MCS (Modulation and Coding Scheme) is an index defining the modulation (BPSK up to 1024-QAM in Wi-Fi 6) and coding rate. A higher MCS packs more bits per symbol but needs a stronger, cleaner signal (high SNR).

Channel width sets how many sub-carriers are available — double the width roughly doubles the rate. Wi-Fi 6/6E supports 20/40/80/160 MHz; Wi-Fi 7 adds 320 MHz on 6 GHz.

The PHY rate is the product: spatial streams × bits-per-symbol (MCS) × channel width × guard-interval factor. So a 2x2 client at MCS 11 on 80 MHz reaches far higher rates than a 1x1 client at MCS 7 on 20 MHz.

👉 Interview tip: Note clients often limit the rate — a 1x1 phone won't hit the AP's 4x4 maximum, and weak SNR forces a lower MCS.

The 6 GHz band is a fresh start, so the standard mandates WPA3 (and OWE/Enhanced Open for open networks) — no WPA2, no legacy PSK. This guarantees modern encryption (SAE, no downgrade attacks) and forces a clean security baseline across all 6E devices.

Preferred Scanning Channels (PSC): with up to 59 channels, scanning all of them is slow. PSCs are a defined subset (every 4th 20 MHz channel) that APs should beacon on and clients scan first, making discovery and roaming fast and efficient.

Power classes shape coverage:

• LPI (Low Power Indoor) — lower EIRP, no external antennas, indoor-only; the default for enterprise APs.
• SP (Standard Power) — higher EIRP for larger or outdoor coverage, but requires AFC (Automated Frequency Coordination) to avoid incumbents.
• VLP (Very Low Power) — the lowest EIRP, allowed indoor and outdoor with no AFC; used for short-range, portable, and wearable devices.

👉 Interview tip: Say design APs/SSIDs on PSC channels, plan for LPI's reduced range (denser APs), and use SP+AFC only where coverage demands it.

Wi-Fi 7 (802.11be) builds on 6E with three headline features:

• MLO (Multi-Link Operation) — a client connects across multiple bands/links (e.g. 5 GHz + 6 GHz) at once, aggregating throughput or using one link for reliability/low latency.
• 320 MHz channels — double Wi-Fi 6E's 160 MHz width, only feasible in the wide 6 GHz band, for very high throughput.
• 4096-QAM (4K-QAM) — ~20% more bits per symbol than 1024-QAM under strong signal.

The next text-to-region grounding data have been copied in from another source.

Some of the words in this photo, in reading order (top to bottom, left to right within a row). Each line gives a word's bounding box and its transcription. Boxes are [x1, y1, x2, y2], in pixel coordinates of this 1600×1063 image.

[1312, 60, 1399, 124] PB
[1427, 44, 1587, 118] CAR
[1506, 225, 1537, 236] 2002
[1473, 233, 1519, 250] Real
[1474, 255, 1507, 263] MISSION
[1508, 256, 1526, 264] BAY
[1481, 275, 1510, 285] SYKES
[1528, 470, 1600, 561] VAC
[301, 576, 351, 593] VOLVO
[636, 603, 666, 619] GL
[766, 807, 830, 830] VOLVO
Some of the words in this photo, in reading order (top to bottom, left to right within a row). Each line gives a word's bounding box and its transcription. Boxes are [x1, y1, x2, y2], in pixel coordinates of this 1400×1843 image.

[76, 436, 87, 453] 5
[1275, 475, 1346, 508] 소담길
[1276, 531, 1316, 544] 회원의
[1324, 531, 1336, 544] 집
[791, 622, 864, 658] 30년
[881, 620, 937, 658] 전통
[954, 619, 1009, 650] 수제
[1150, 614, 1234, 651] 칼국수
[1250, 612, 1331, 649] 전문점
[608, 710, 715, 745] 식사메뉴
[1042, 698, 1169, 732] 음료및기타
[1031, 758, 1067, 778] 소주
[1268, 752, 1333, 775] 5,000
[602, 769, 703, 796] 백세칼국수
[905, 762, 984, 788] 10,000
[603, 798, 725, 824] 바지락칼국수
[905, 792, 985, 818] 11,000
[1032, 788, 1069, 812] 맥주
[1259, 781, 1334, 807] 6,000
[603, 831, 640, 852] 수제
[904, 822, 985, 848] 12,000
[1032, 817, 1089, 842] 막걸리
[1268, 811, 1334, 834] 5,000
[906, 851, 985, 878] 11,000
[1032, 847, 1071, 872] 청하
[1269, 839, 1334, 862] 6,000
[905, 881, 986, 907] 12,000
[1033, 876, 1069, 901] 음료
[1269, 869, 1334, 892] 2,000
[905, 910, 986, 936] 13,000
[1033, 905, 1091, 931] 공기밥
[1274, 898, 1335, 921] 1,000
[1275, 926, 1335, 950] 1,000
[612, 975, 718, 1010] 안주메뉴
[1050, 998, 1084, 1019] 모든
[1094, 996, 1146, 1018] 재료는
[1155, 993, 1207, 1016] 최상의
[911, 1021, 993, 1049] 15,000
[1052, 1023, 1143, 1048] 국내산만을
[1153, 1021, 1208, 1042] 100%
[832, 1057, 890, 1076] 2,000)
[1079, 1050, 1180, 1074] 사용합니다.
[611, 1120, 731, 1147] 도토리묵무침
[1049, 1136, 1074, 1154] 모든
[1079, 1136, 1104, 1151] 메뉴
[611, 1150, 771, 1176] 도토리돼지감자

These shift the design conversation: you plan for even denser, high-SNR cells (4K-QAM and 320 MHz need clean RF), reserve enough contiguous 6 GHz spectrum for 320 MHz, and treat MLO as a reason to keep multiple bands healthy rather than steering everything to 6 GHz.

👉 Interview tip: Frame Wi-Fi 7 as evolution, not rip-and-replace — a 6E design is forward-compatible and 6E APs coexist with Wi-Fi 7 clients.

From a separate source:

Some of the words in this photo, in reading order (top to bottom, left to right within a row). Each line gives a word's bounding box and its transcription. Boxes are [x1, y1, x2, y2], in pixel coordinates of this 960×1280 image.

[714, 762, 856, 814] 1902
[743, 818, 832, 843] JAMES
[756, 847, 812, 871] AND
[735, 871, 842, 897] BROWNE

In AOS-8, the Mobility Conductor (renamed from Mobility Master) is the central management and configuration brain. It holds the master configuration, pushes it down to controllers, and handles licensing, WLAN/RF config, and centralized monitoring. It does not usually terminate AP tunnels or forward client traffic.

A Mobility Controller (MD = Managed Device) is the workhorse: APs build tunnels to it, clients authenticate through it, and user data is forwarded by it.

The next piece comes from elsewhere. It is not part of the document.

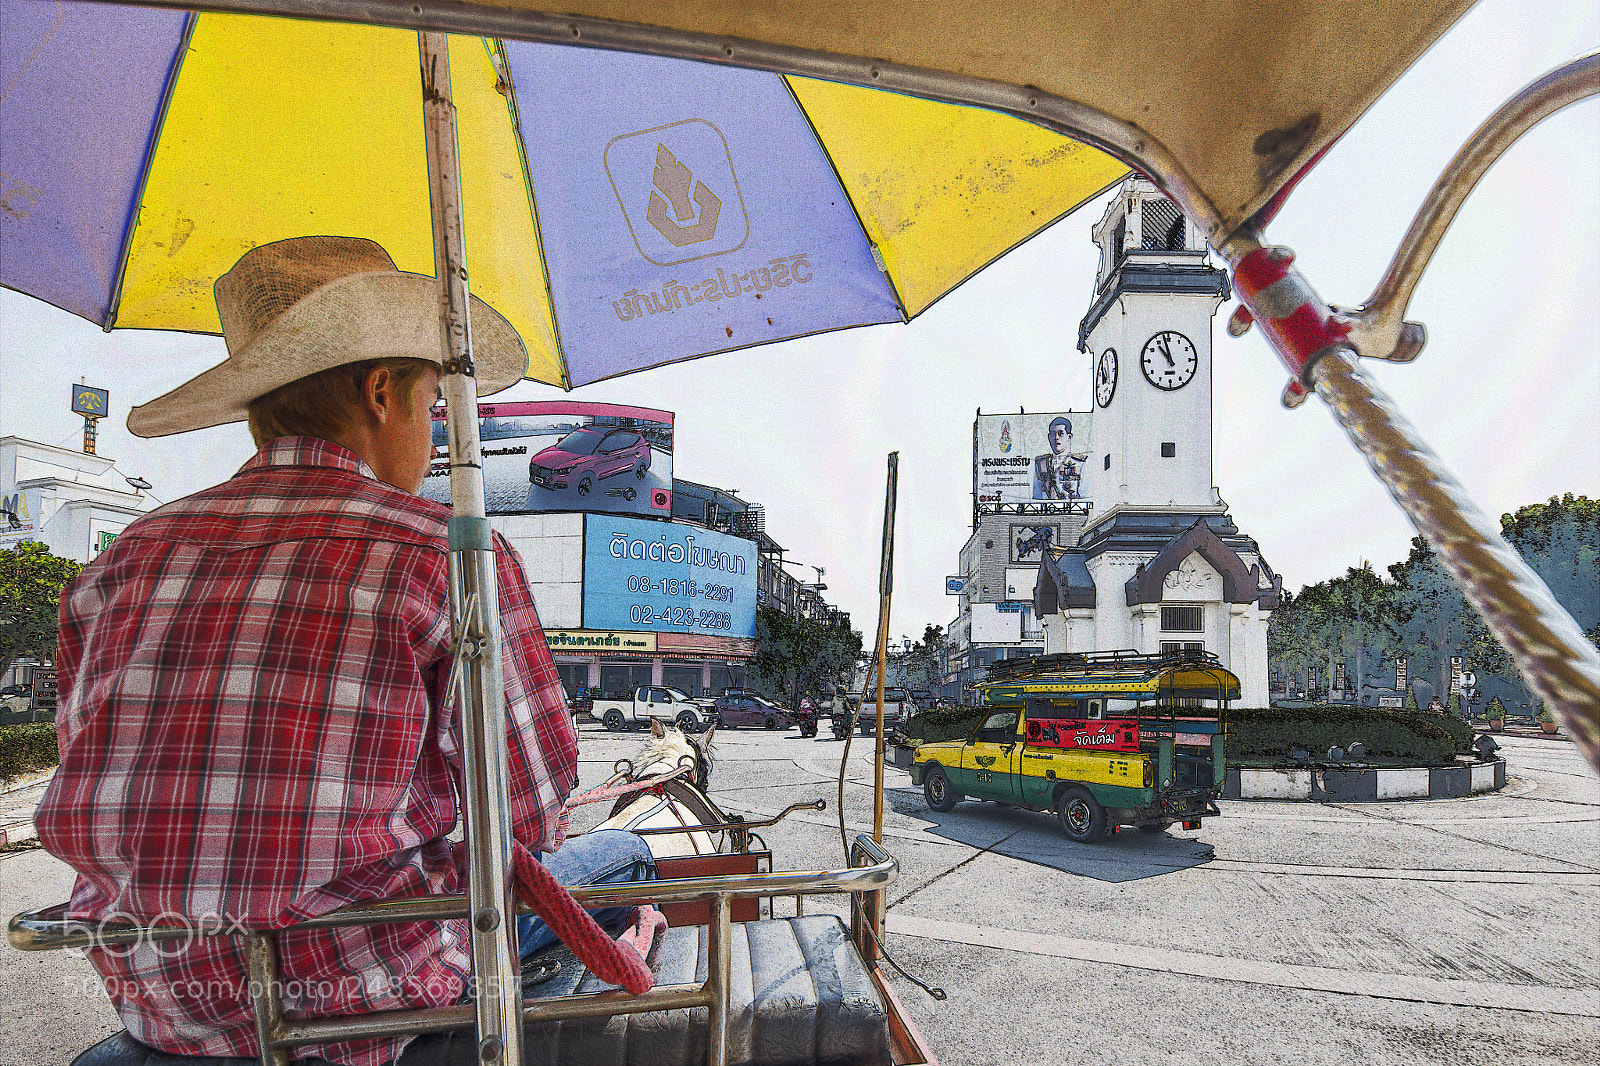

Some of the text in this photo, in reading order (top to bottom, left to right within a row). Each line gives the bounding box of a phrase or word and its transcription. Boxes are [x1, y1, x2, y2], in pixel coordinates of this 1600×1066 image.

[609, 531, 746, 576] ติดต่อโฆษณา
[627, 575, 734, 603] 08-1816-2291
[630, 604, 732, 630] 02-423-2288
[1073, 723, 1116, 746] จัดเต็ม

Analogy: the Conductor is the orchestra conductor writing the score; the MD is a musician actually playing the notes for the audience (clients).

• Conductor = control/config plane
• MD = data plane + AP termination

👉 Interview tip: Say clearly that the Conductor manages, the MD forwards — separating control plane from data plane is the whole point.

Aruba Central is HPE's cloud platform that manages APs, gateways, and switches over the internet. AOS-10 is the operating system built for that cloud model.

In AOS-8, configuration and management live on-prem on a Mobility Conductor/controller you own and patch. In AOS-10, the management plane moves to the cloud (Central); APs and gateways connect out to it over an outbound, TLS-encrypted connection on TCP 443 (a persistent WebSocket-style channel).

• AOS-8: you run the controllers; the master config is on-prem.
• AOS-10: Central runs the management; gateways become pure forwarders.

Analogy: AOS-8 is owning your own server room; AOS-10 is renting a managed cloud dashboard.

👉 Interview tip: Stress that in AOS-10 the gateway is no longer the manager — it just forwards traffic; Central is the manager.

• Campus AP (CAP): controller-based. Sits on the trusted LAN, builds a GRE tunnel to a controller/gateway. No local brain.
• Remote AP (RAP): controller-based but lives at home/branch over the internet; builds an IPsec tunnel back to the controller, with survivability if the link drops.
• Instant AP (IAP): controller-less (in the AOS-8 world). The APs elect a Virtual Controller (VC) among themselves — good for small sites with no controller.
• Mesh: a topology, not an AP type. A mesh portal is wired; mesh points relay wirelessly where you cannot cable.

Analogy: CAP/RAP are employees reporting to a manager; IAP is a self-managing small team.

👉 Interview tip: Only IAP is truly controller-less. Note that AOS-10 retires the IAP Virtual Controller model — Instant APs there are managed directly by Aruba Central instead of electing a VC.

This is the classic control-plane vs data-plane separation question. The Conductor is the control/management plane; the MDs are the data plane.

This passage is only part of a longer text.